Instead, we experience racism — in a 2020 survey of 9,000 Indigenous people from the In Plain Sight report, 84% of respondents said they experienced some form of discrimination in healthcare, which can range from the explicit, and gross, practice of emergency room care providers playing guessing games on how high the alcohol level of a patient is, to smaller microaggressions. In 2020, the racist mistreatment came to light when Joyce Echaquan livestreamed her abuse in a Joliette, Que hospital. She later died and an inquiry was launched into her death. While the coroners inquest report and its recommendations will likely take months, Coroner Gehane Kamel says her hope is that it would be the "foundation of a new social pact that will bring us to say, 'Never again."

Having an Indigenous social worker, doctor or health-care worker would bring a comfort level, an understanding of our histories and experiences, that can’t be found elsewhere.

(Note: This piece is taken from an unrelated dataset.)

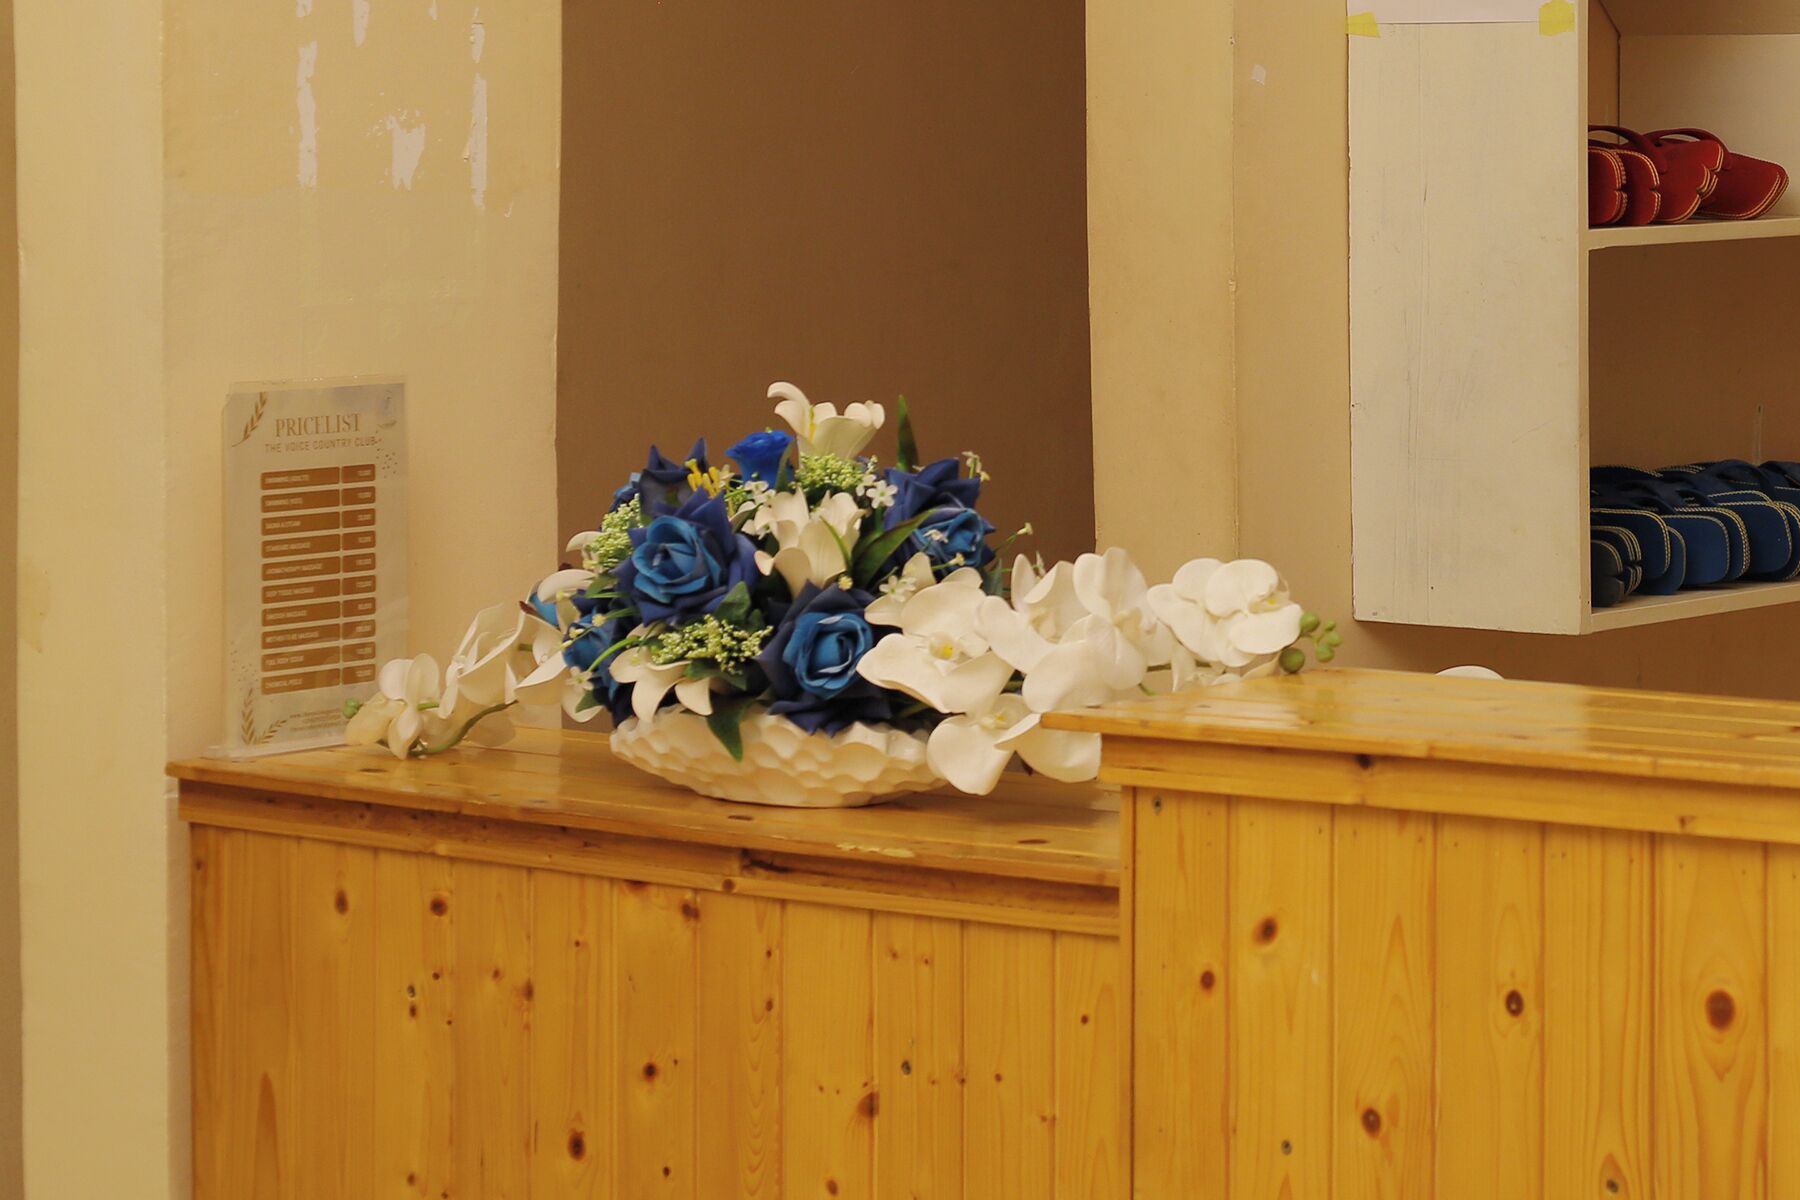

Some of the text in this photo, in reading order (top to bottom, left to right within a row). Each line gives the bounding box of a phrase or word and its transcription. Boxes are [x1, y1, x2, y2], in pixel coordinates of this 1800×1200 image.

[276, 414, 359, 437] PRICELIST
[265, 436, 377, 453] THE VOICE COUNTRY CLUB

All of this recent attention to the inequalities and racism was years away when I was diagnosed with postpartum anxiety and a panic attack disorder after the birth of my son in 2014, and then premenstrual dysphoric disorder (PMDD), a more severe type of premenstrual syndrome. I was handed a prescription and recommendations for anxiety workbooks. Sure, the prescription and therapy definitely helped me manage my anxiety and depression, but I wasn’t asked if I wanted or needed culturally appropriate health care. And medication is really just one part of a wellness plan. A culturally specific approach considers engagement in culture as good medicine.
Anishinaabe doctor Lisa Richardson co-led a set of 10 suggestions for health leaders to advance the health-related recommendations from the 2015 Truth and Reconciliation Commission Calls To Action. One states that health-care workers should practice trauma-informed care and land-based healing. That approach is foreign to every medical experience I’ve had off-reserve, and I’m not alone.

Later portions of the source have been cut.